■ **Your goal**: Transcribe all of the data verbatim, please, and leave out its pictures.

■ **Material for this exercise**:
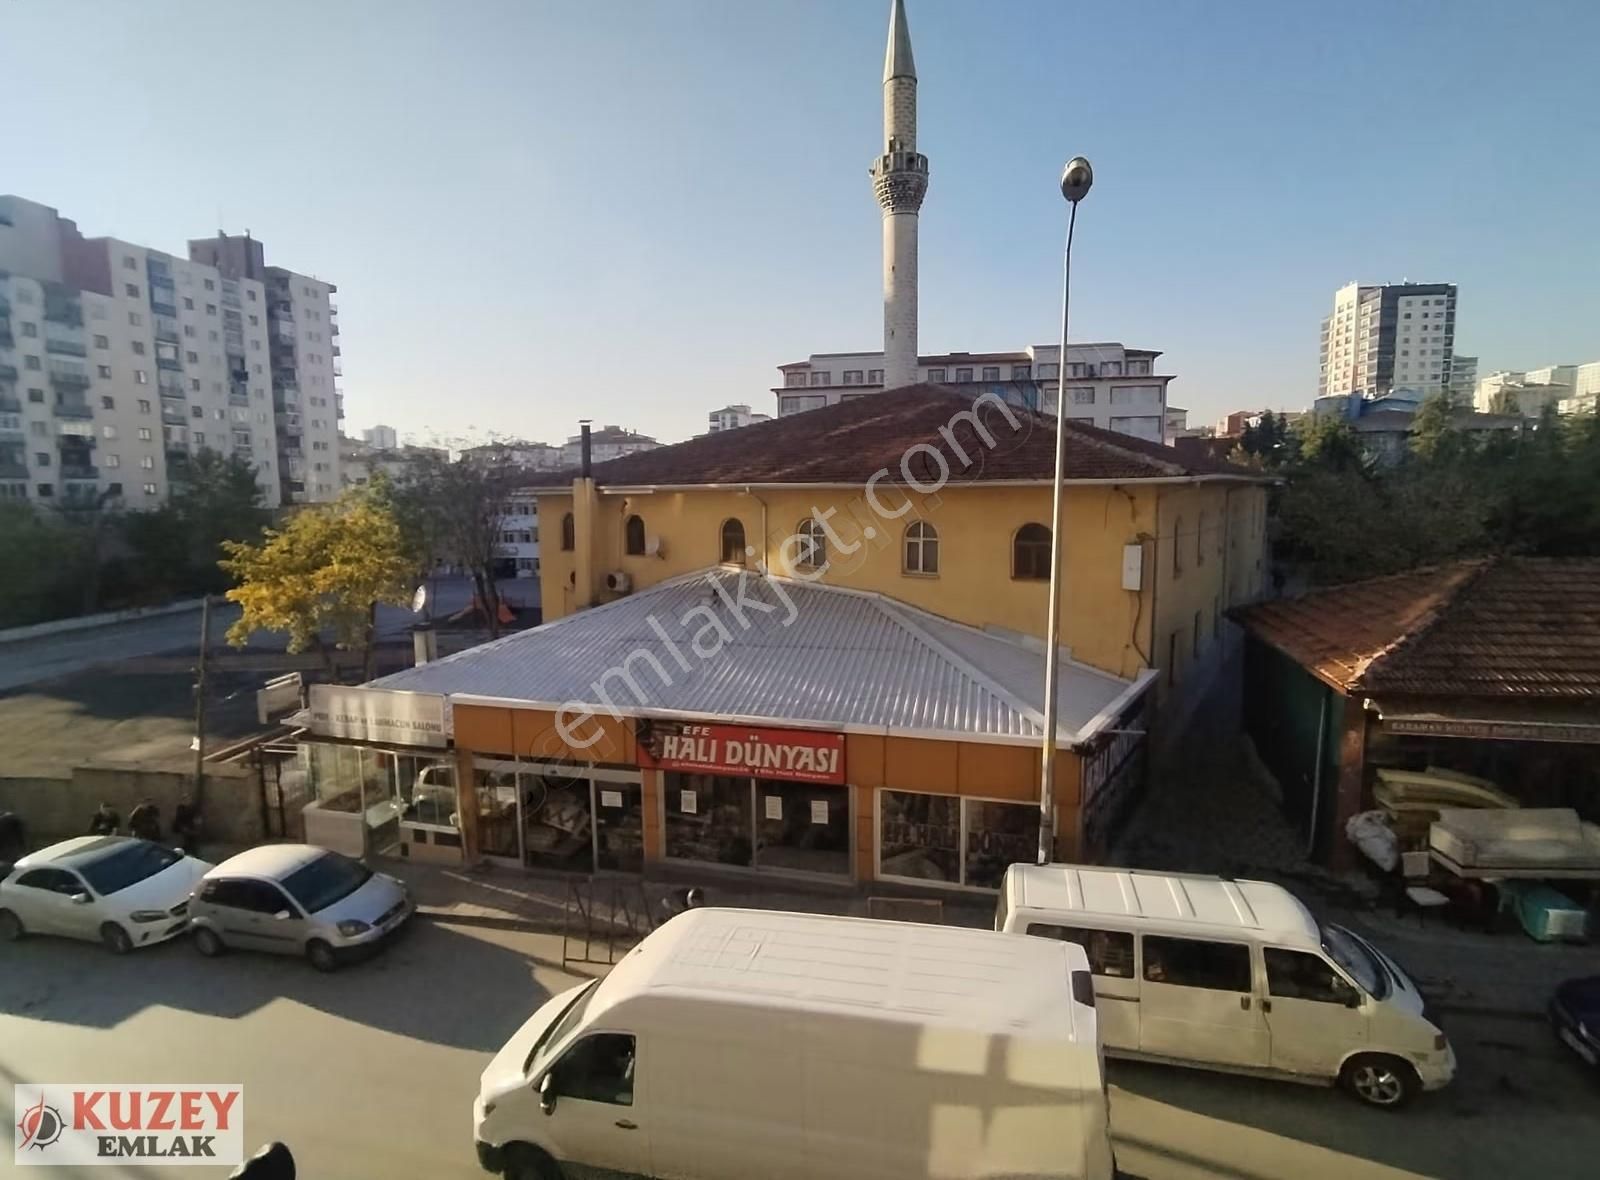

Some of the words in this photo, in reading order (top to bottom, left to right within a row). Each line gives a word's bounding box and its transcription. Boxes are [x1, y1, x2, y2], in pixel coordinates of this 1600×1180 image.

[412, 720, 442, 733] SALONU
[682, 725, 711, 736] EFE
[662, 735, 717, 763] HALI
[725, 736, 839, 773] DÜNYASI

■ **Solved problem**:
Some of the words in this photo, in reading order (top to bottom, left to right within a row). Each line gives a word's bounding box and its transcription. Boxes are [x1, y1, x2, y2], in pixel coordinates of this 1600×1180 image.

[412, 720, 442, 733] SALONU
[682, 725, 711, 736] EFE
[662, 735, 717, 763] HALI
[725, 736, 839, 773] DÜNYASI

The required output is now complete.